_What needs to be done:_ The reply should match the listing below character for character, except that no image is carried over.

_Provided data:_
+ + + +
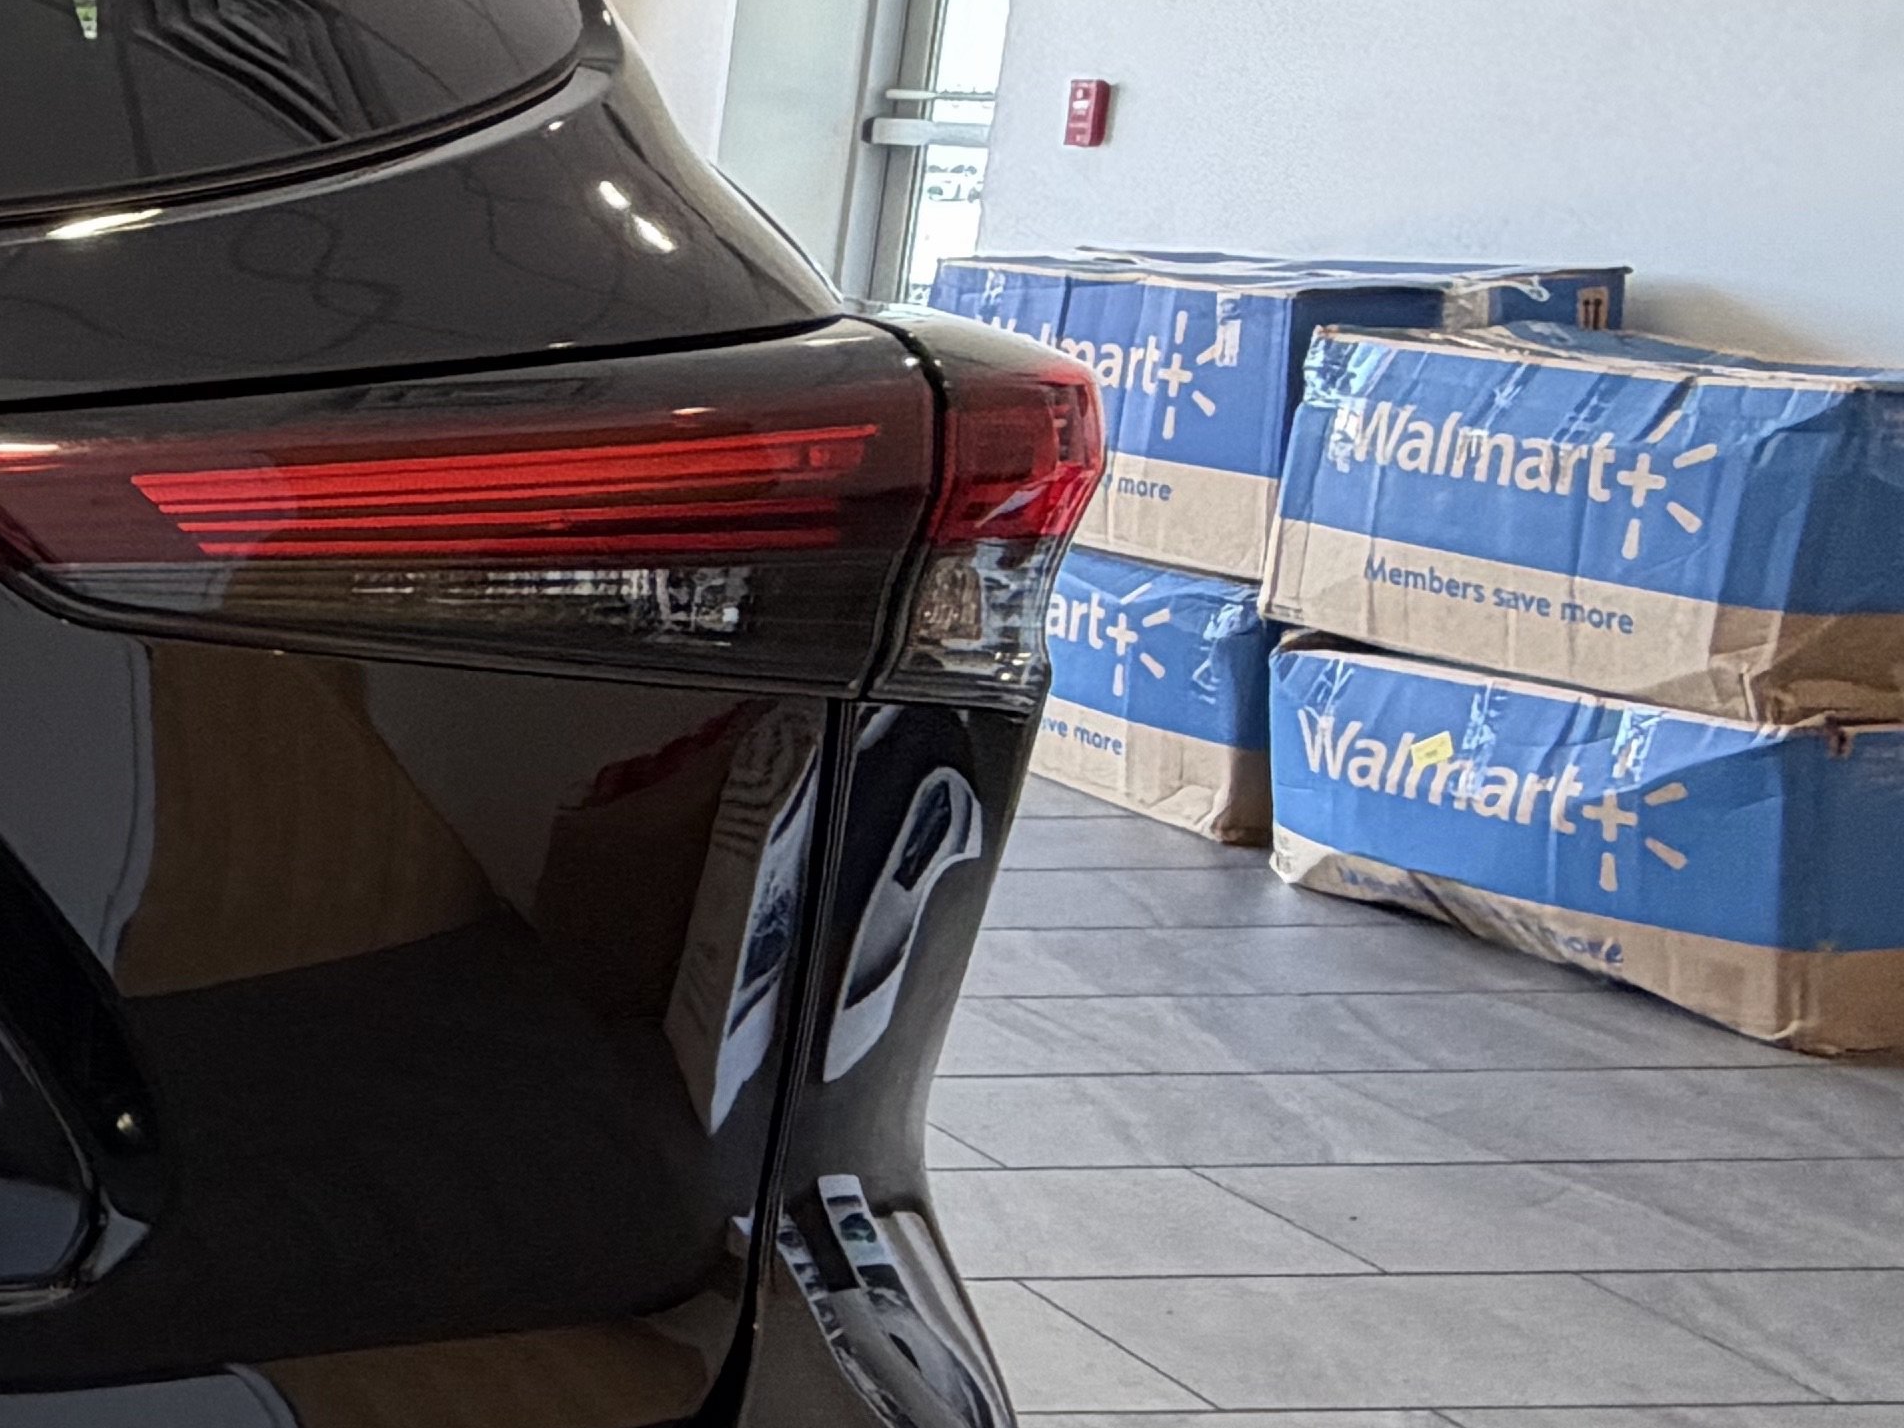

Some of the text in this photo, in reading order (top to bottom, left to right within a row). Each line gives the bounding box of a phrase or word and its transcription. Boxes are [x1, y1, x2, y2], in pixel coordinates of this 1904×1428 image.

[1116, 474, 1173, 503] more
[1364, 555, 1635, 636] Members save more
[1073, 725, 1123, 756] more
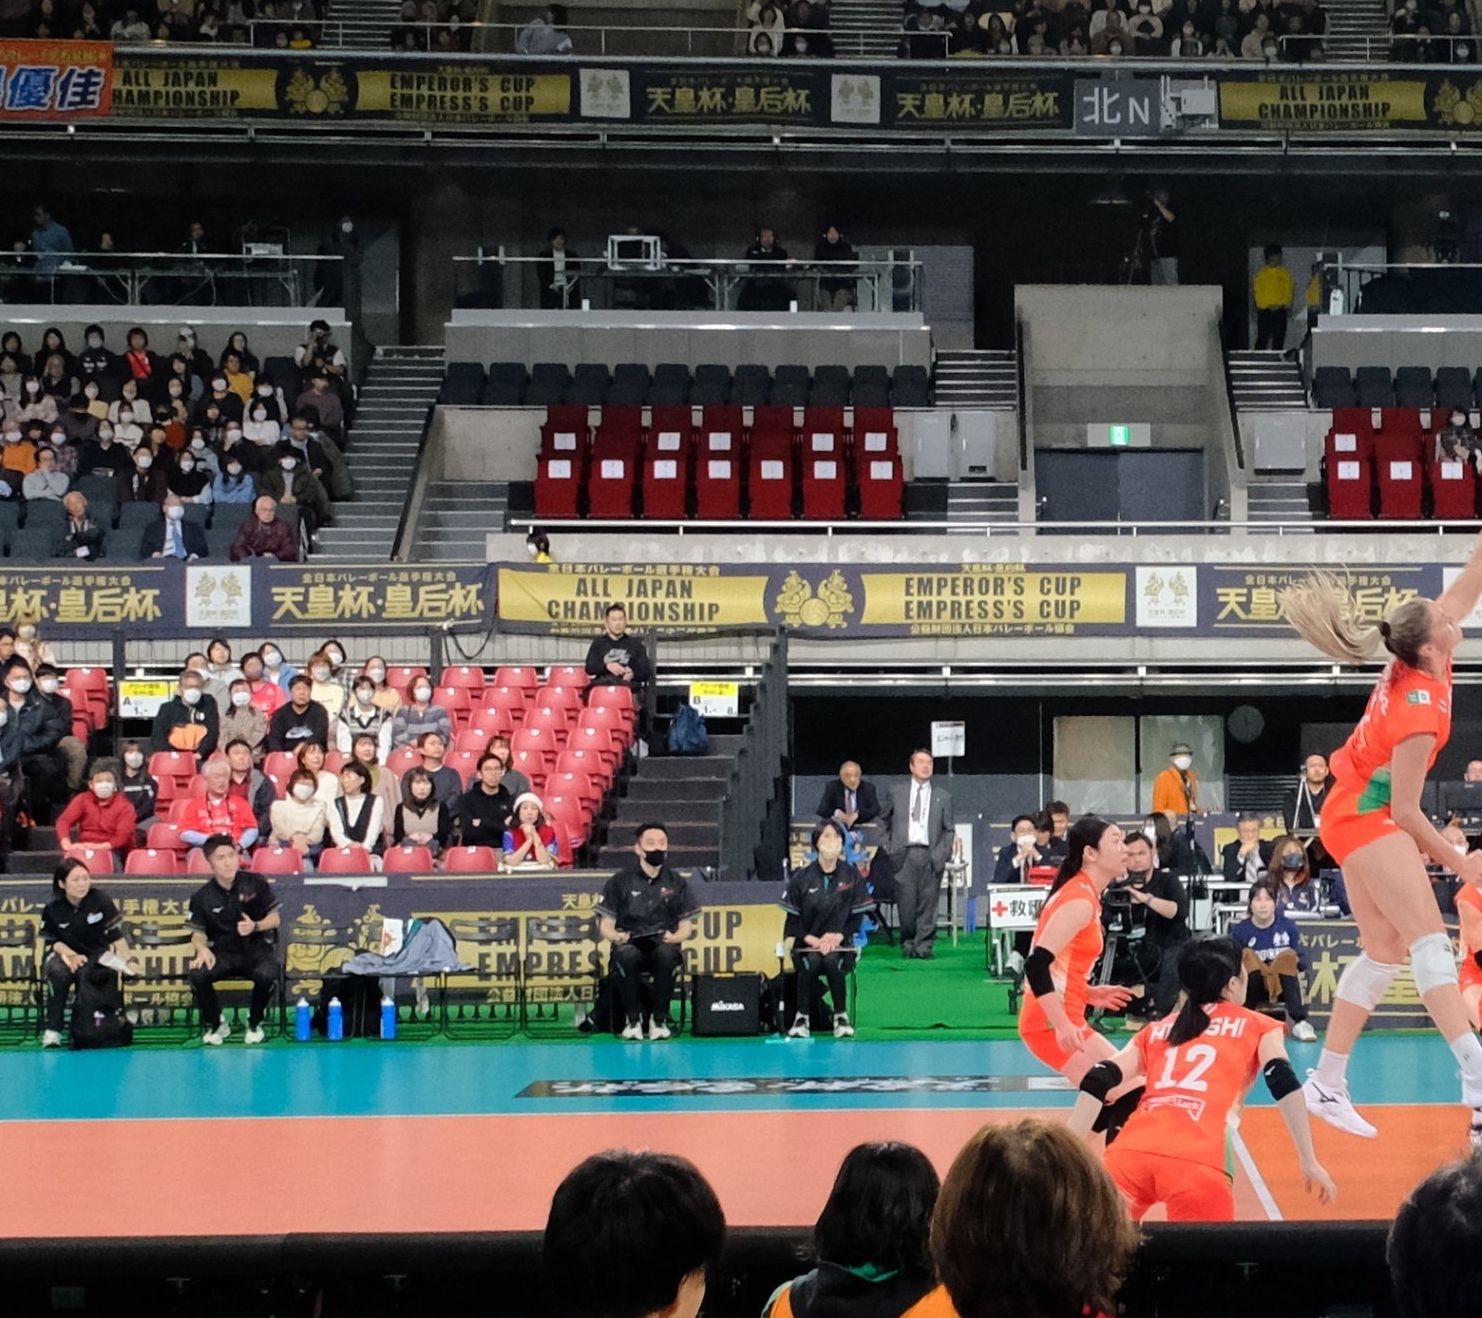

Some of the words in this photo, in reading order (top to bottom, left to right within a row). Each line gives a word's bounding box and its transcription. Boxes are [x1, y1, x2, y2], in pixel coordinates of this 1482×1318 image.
+ + + +
_Solution:_
Some of the text in this photo, in reading order (top to bottom, left to right within a row). Each line gives the bounding box of a phrase or word and its transcription. Boxes are [x1, y1, x2, y2], in pixel coordinates of this 1904×1428 image.

[1116, 474, 1173, 503] more
[1364, 555, 1635, 636] Members save more
[1073, 725, 1123, 756] more

Some of the words in this photo, in reading order (top to bottom, left to right within a row). Each line gives a word's bounding box and its transcription. Boxes are [x1, y1, x2, y2], in pixel coordinates of this 1482×1318 image.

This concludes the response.